Reencena-se, em Brasília, a lamentável pantomima pós-apagão.
Sem se explicar por deixar milhões de pessoas de 13 Estados sem luz, a chefia do Operador Nacional do Sistema Elétrico (ONS) não exclui a hipótese do raio como causa. Ato contínuo, a presidente da República manda dizer que, se raio houve, o órgão falhou por não garantir a proteção da rede.
Dilma Rousseff pode, o quanto quiser, tentar passar adiante a responsabilidade pelo incidente, mas a conta da falta de luz -- no caso de novos apagões neste ano -- será sua. Ela comanda o setor elétrico há uma década, afinal.
PUBLICIDADE
Se a própria presidente faz pouco caso da descarga atmosférica, convém considerar explicações bem mais preocupantes: desequilíbrio estrutural entre oferta e demanda de energia, o que reviveria o fantasma do racionamento, ou crescente instabilidade do Sistema Interligado Nacional (SIN).
O descasamento mais grave entre oferta e demanda parece descartado, ou ao menos assim se esforça o governo por fazer parecer. A capacidade instalada de geração no país soma 127 mil megawatts (MW), em princípio suficiente para enfrentar picos de consumo.
Capacidade instalada não se confunde com a energia produzida a cada momento, mas é consenso que o sistema de geração opera com folga aceitável. O problema estaria nas linhas de transmissão.
A falha ocorreu justamente na linha que leva para o sul energia da região Norte, onde reservatórios como o de Tucuruí estão mais cheios que os do Sudeste/Centro-Oeste, castigados pela seca.

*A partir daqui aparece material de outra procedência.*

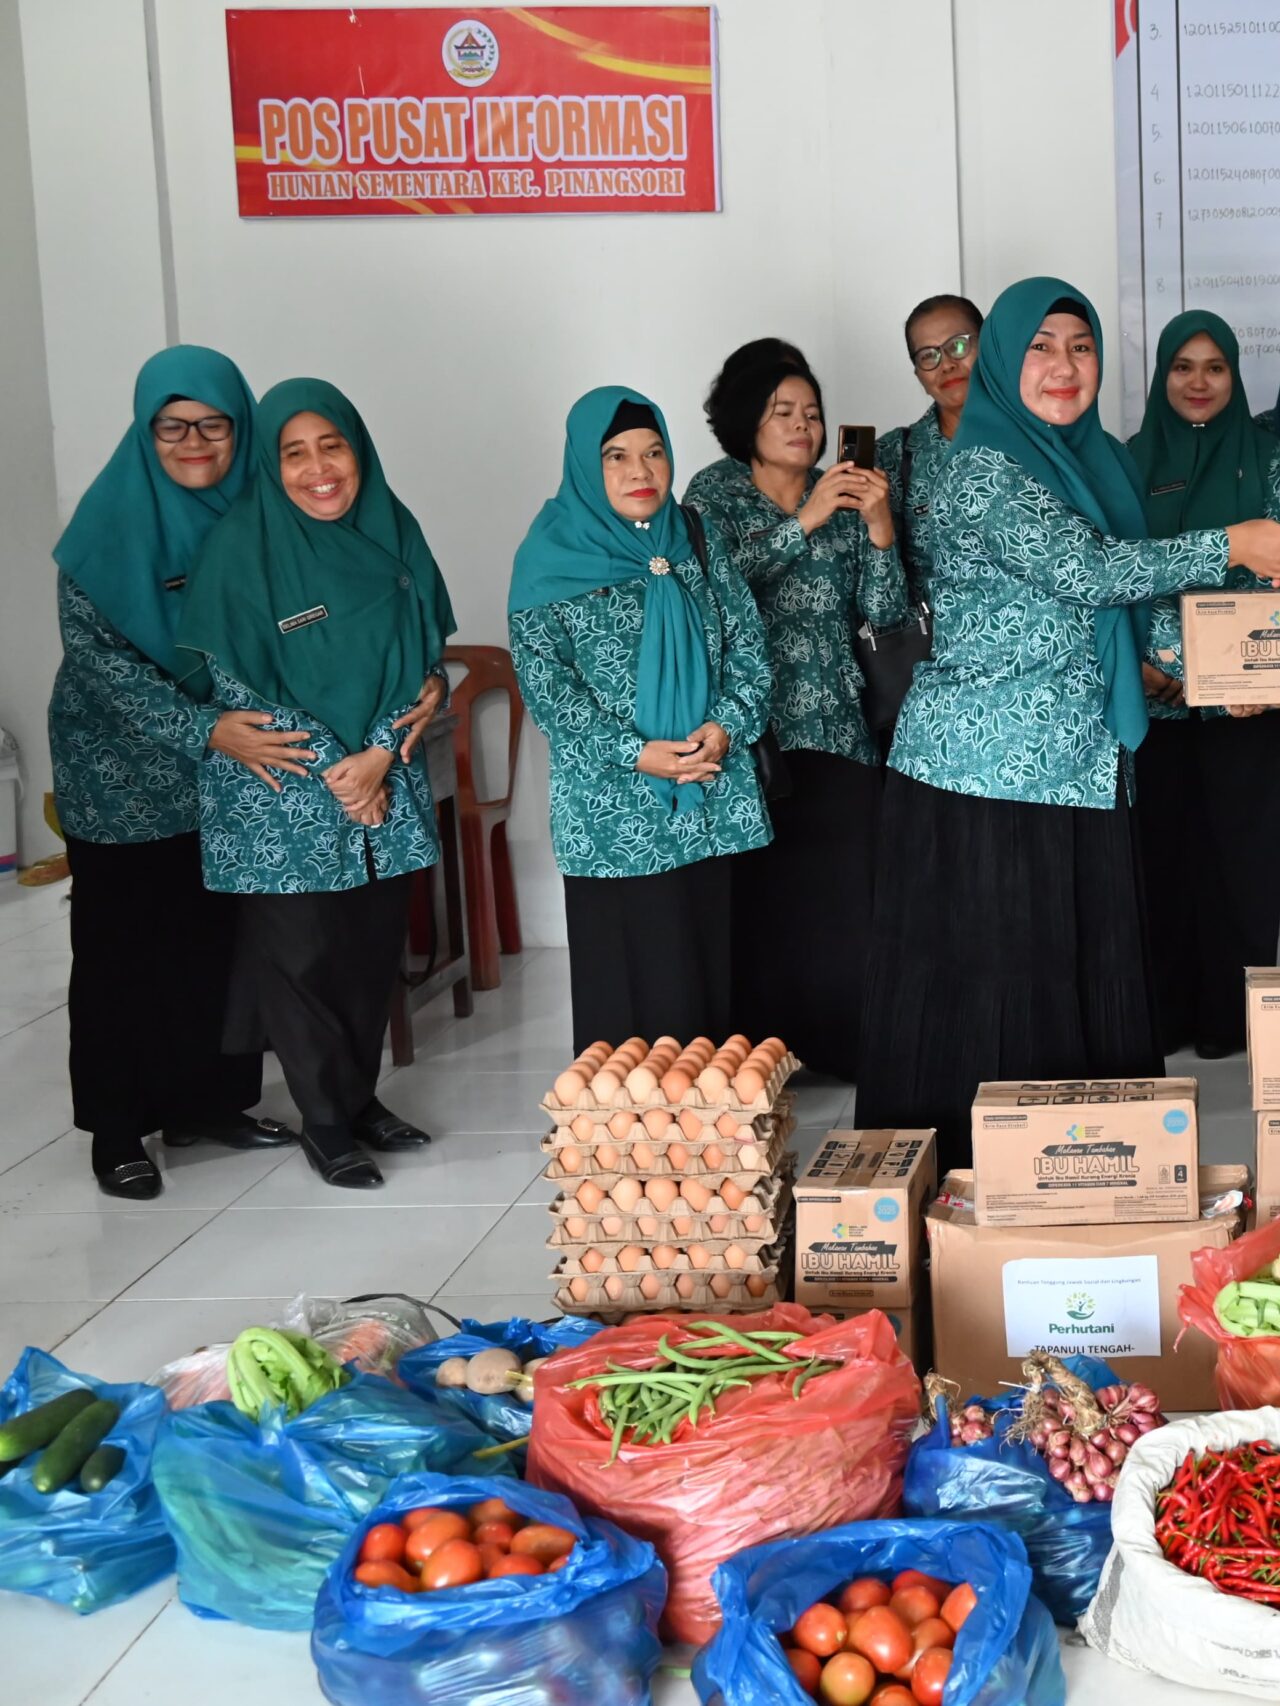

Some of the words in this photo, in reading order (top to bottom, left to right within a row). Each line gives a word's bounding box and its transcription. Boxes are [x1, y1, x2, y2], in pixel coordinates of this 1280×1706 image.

Deu-se o apagão minutos após o recorde de consumo, às 14h de terça-feira, indício de que se trabalha com margem de segurança estreita -- e o próprio ONS admite que alguma economia de energia seria bem-vinda para aumentá-la.
Não é de hoje que especialistas lançam alertas sobre deficiências na infraestrutura de transmissão. Mais de dois terços das linhas em construção sofrem atrasos (média de 13,5 meses). Suspeita-se que, diante das incertezas criadas no setor pelo governo, os operadores estejam investindo o mínimo possível na manutenção do sistema.

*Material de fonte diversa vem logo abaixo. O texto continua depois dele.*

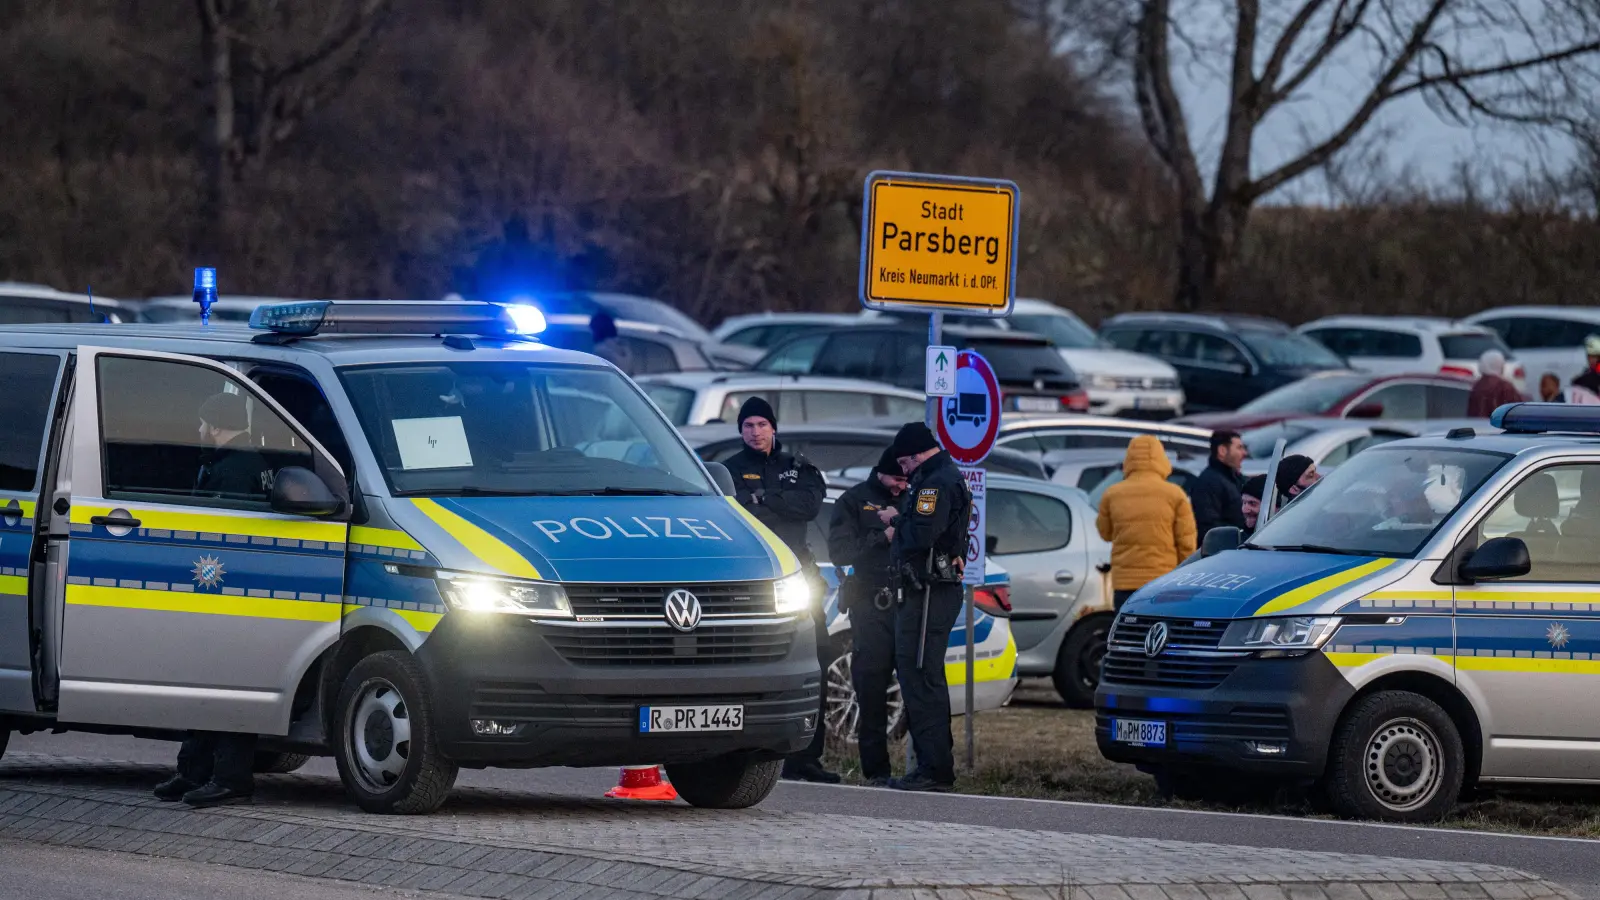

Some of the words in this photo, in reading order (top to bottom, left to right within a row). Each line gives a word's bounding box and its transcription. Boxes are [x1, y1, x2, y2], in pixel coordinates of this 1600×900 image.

[921, 200, 964, 221] Stadt
[882, 222, 999, 264] Parsberg
[880, 267, 905, 284] Kreis
[909, 268, 960, 287] Neumarkt
[532, 516, 733, 543] POLIZEI
[1161, 572, 1257, 591] POLIZEI
[674, 708, 696, 729] PR
[700, 707, 742, 728] 1443
[1140, 723, 1165, 742] 8873

Este é o espectro que mais assombra o fornecimento de eletricidade no país: ao forçar uma baixa de tarifas, com finalidade eleitoral, no momento em que os custos de geração iam em alta pela necessidade de acionar as dispendiosas usinas termelétricas, Dilma Rousseff adicionou turbulência a um setor já estressado pela pior média de chuvas em 60 anos.
Se o cenário traumático de um racionamento parece afastado, o mesmo não se pode dizer de uma sequência de apagões, mesmo que curtos e localizados, ou de um aumento nas tarifas.
Caso as chuvas não venham logo, a presidente terá de incluir em suas previsões do clima para outubro a chance de alguns raios em céu azul.